Alma (Hebrew: עַלְמָה) is a religious Jewish moshav in the Upper Galilee in northern Israel. It falls under the jurisdiction of the Merom HaGalil Regional Council.

History[edit]

Alma was founded on September 1, 1949 by immigrants to Israel from Libya. In 1953 a group of converts to Judaism, known as the Jews of San Nicandro, arrived from Italy. They later abandoned Alma to live in other nearby moshavim. After the Italians left, Cochin Jews arrived from India.[2]

Under the Judaea Province, a Jewish town was situated at this spot. The name Alma is first mentioned in the crusader era. The Jewish community existed until the 17th century.[2] Benjamin of Tudela said that during his visit, he found 50 Jewish families living in Alma.[3]

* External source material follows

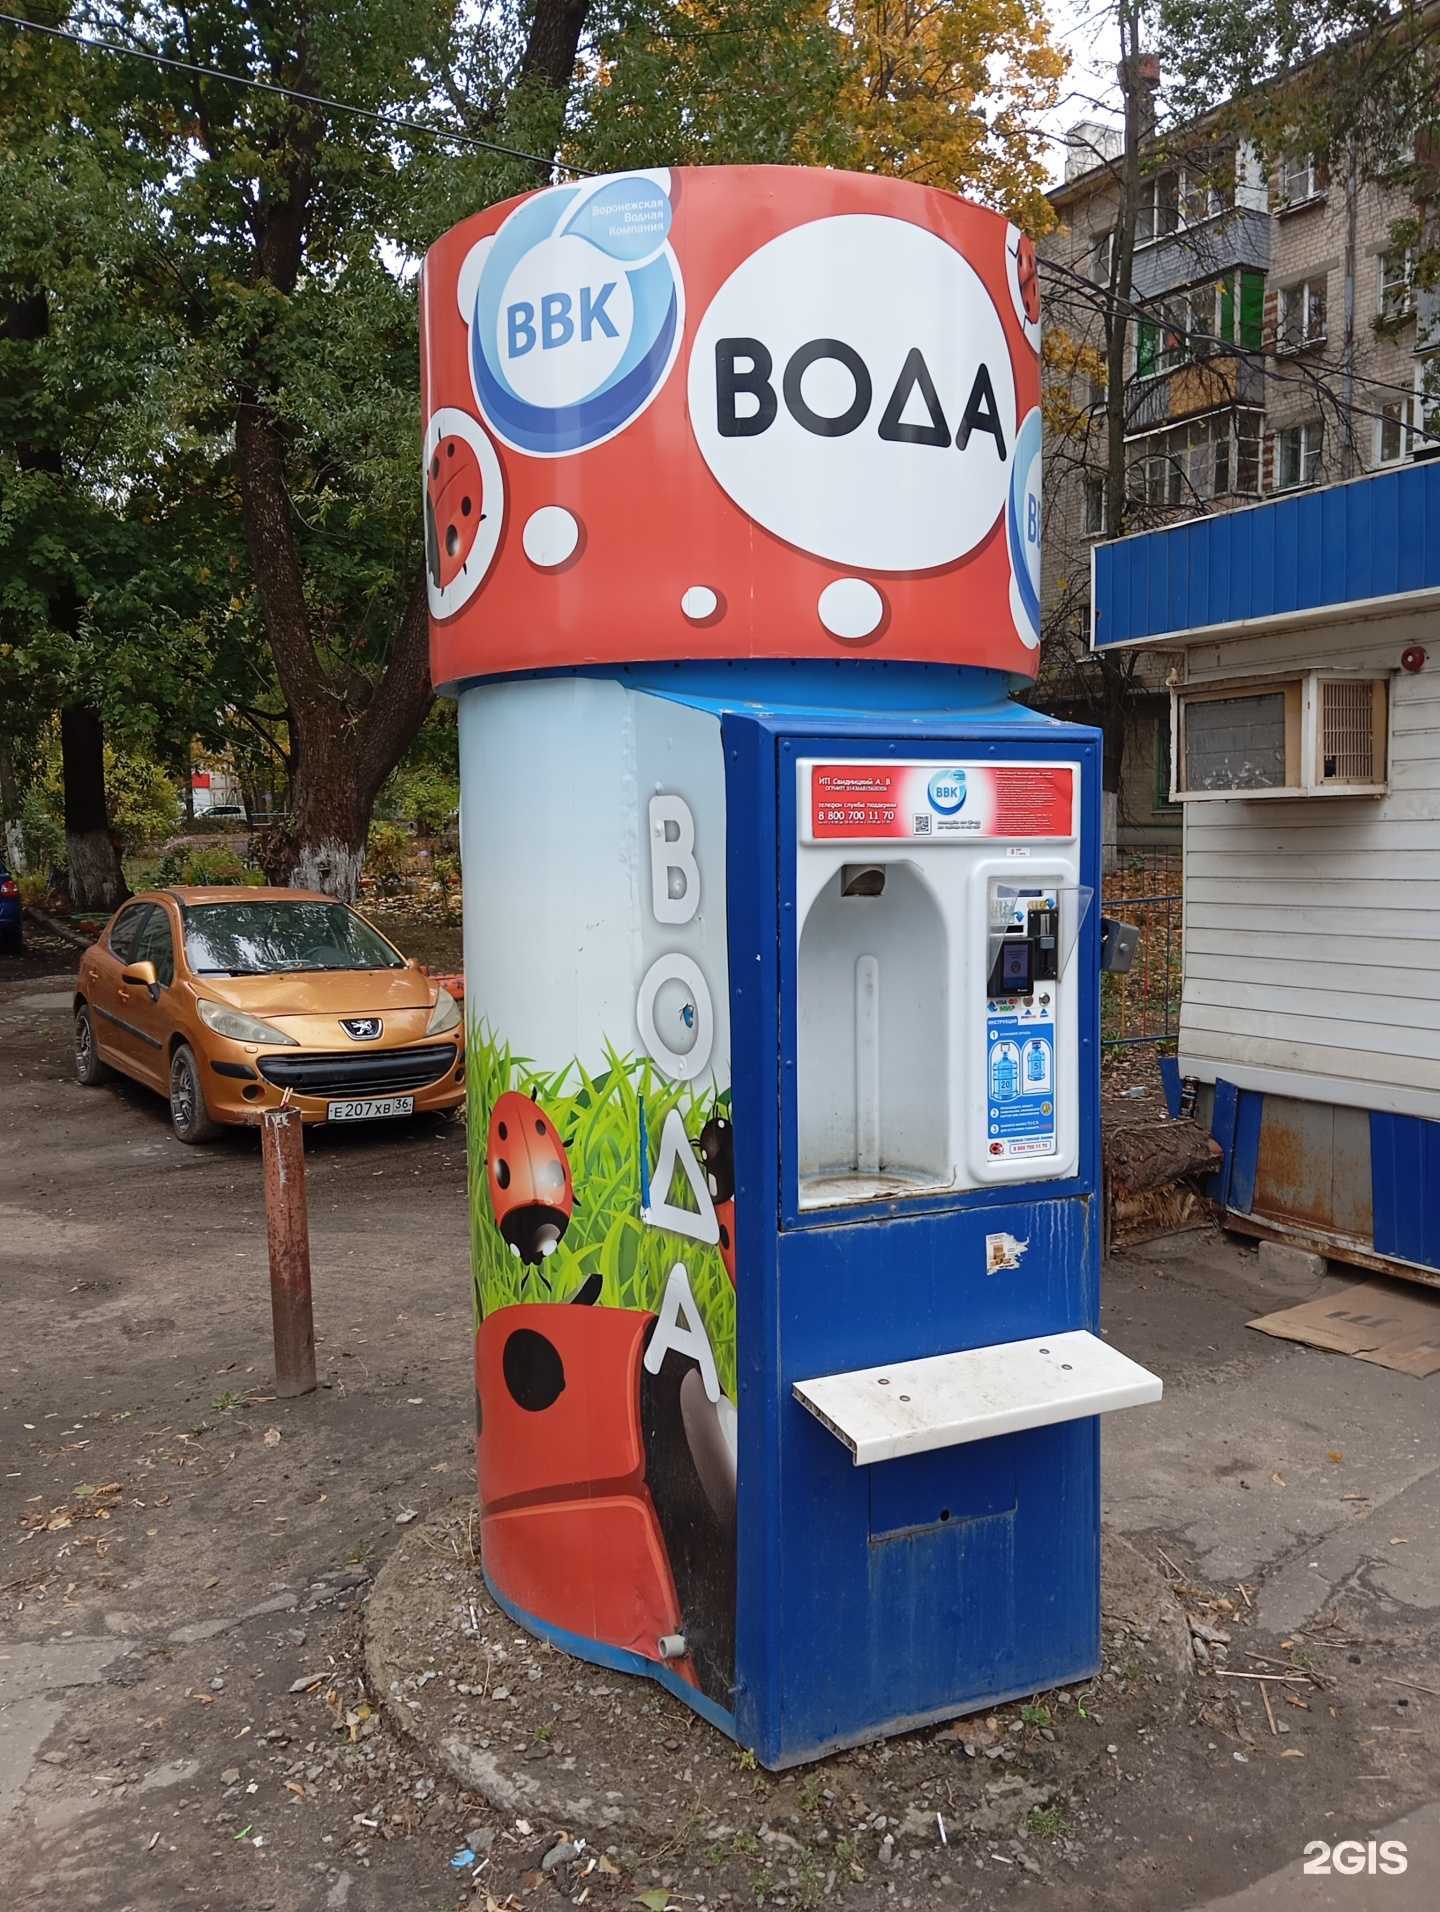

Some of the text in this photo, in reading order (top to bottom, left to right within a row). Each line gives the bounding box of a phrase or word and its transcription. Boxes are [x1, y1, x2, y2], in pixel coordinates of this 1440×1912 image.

Near the moshav's cemetery lie the remnants of what has been identified as a synagogue, perhaps dating to the 3rd century, though it has never been systematically excavated or properly researched. Also nearby are several tombs, including that of Eleazar ben Arach, and one which is traditionally recognized as Eliezer ben Hurcanus' tomb.[2]

The nearby Palestinian village of Alma, whose land Alma stands on, was destroyed in the 1948 Arab-Israeli War.[2]

Geography[edit]

Alma is located about 600 m above sea level, in an area called Alma Heights, bordered by the Dishon Stream. The Dishon Stream Nature Reserve is located next to the village, as well as the Circassian village Rehaniya.

References[edit]

  1. ^ "Locality File" (XLS). Israel Central Bureau of Statistics. 2011. Retrieved February 2, 2013. 
  2. ^ a b c d Mapa's concise gazetteer of Israel. Yuval El'azari (ed.). Tel Aviv: Mapa Publishing. 2005. p. 424. ISBN 965-7184-34-7.  (Hebrew)
  3. ^ HaReuveni, Immanuel (1999). Lexicon of the Land of Israel. Miskal - Yedioth Ahronoth Books and Chemed Books. p. 763. ISBN 965-448-413-7.  (Hebrew)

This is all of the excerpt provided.